##### SOURCE RECORDS
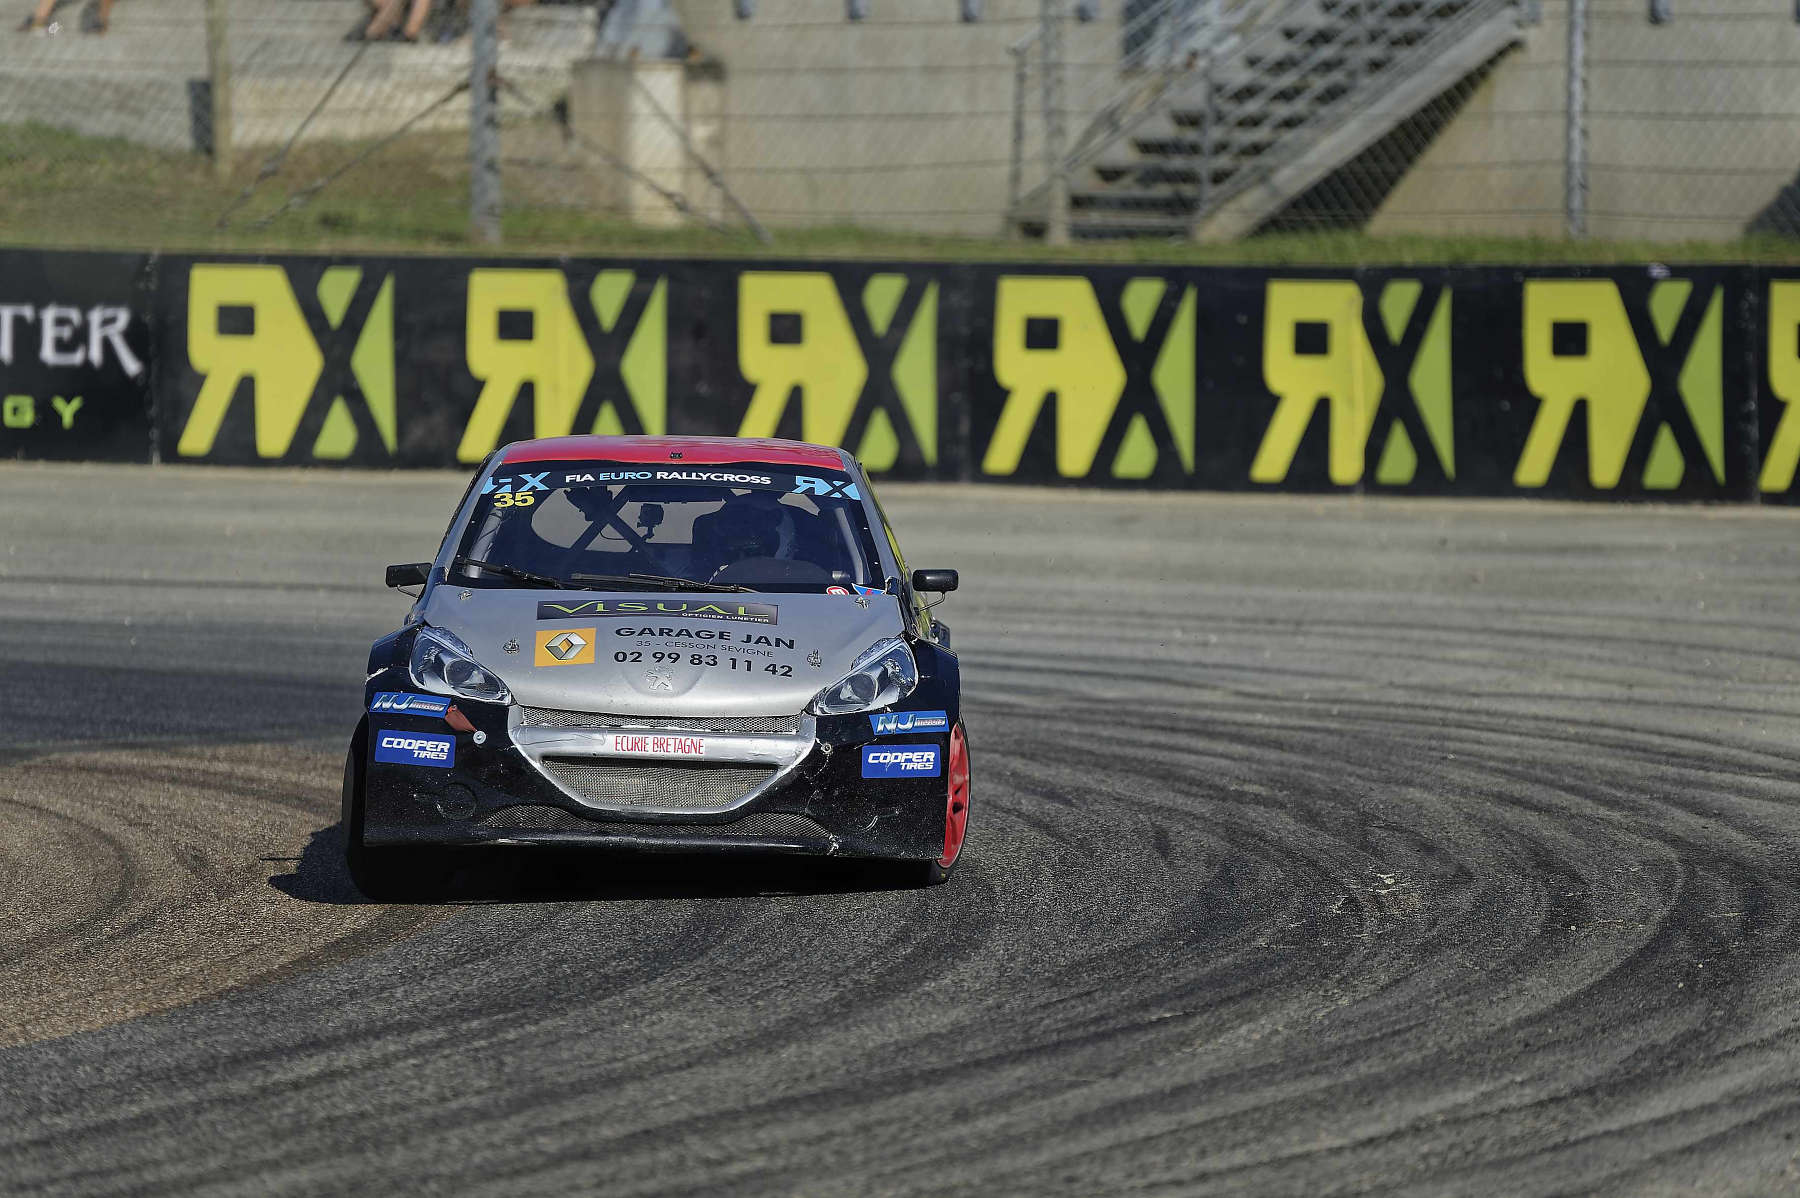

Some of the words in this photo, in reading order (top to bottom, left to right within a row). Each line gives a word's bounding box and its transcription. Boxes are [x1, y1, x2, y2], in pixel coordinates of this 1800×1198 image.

[565, 473, 596, 483] FIA
[599, 471, 652, 481] EURO
[656, 471, 772, 485] RALLYCROSS
[493, 491, 535, 508] 35
[544, 600, 768, 617] VISUAL
[615, 627, 731, 641] GARAGE
[740, 634, 795, 650] JAN
[665, 641, 716, 650] CESSON
[721, 644, 774, 658] SEVIGNE
[613, 651, 643, 663] 02
[652, 651, 681, 664] 99
[689, 653, 718, 667] 83
[729, 657, 752, 672] 11
[764, 663, 793, 678] 42
[372, 694, 415, 711] NJ
[876, 713, 916, 732] NJ
[382, 737, 450, 753] COOPER
[615, 735, 649, 752] ECURIE
[652, 736, 704, 754] BRETAGNE
[413, 749, 448, 760] TIRES
[868, 751, 936, 764] COOPER
[901, 761, 935, 771] TIRES
##########
▶ _WORK TO BE COMPLETED_:
Copy out all the data exactly. The images should not appear in the copy.

▶ _EXERCISE SOLUTION_:
Some of the words in this photo, in reading order (top to bottom, left to right within a row). Each line gives a word's bounding box and its transcription. Boxes are [x1, y1, x2, y2], in pixel coordinates of this 1800×1198 image.

[565, 473, 596, 483] FIA
[599, 471, 652, 481] EURO
[656, 471, 772, 485] RALLYCROSS
[493, 491, 535, 508] 35
[544, 600, 768, 617] VISUAL
[615, 627, 731, 641] GARAGE
[740, 634, 795, 650] JAN
[665, 641, 716, 650] CESSON
[721, 644, 774, 658] SEVIGNE
[613, 651, 643, 663] 02
[652, 651, 681, 664] 99
[689, 653, 718, 667] 83
[729, 657, 752, 672] 11
[764, 663, 793, 678] 42
[372, 694, 415, 711] NJ
[876, 713, 916, 732] NJ
[382, 737, 450, 753] COOPER
[615, 735, 649, 752] ECURIE
[652, 736, 704, 754] BRETAGNE
[413, 749, 448, 760] TIRES
[868, 751, 936, 764] COOPER
[901, 761, 935, 771] TIRES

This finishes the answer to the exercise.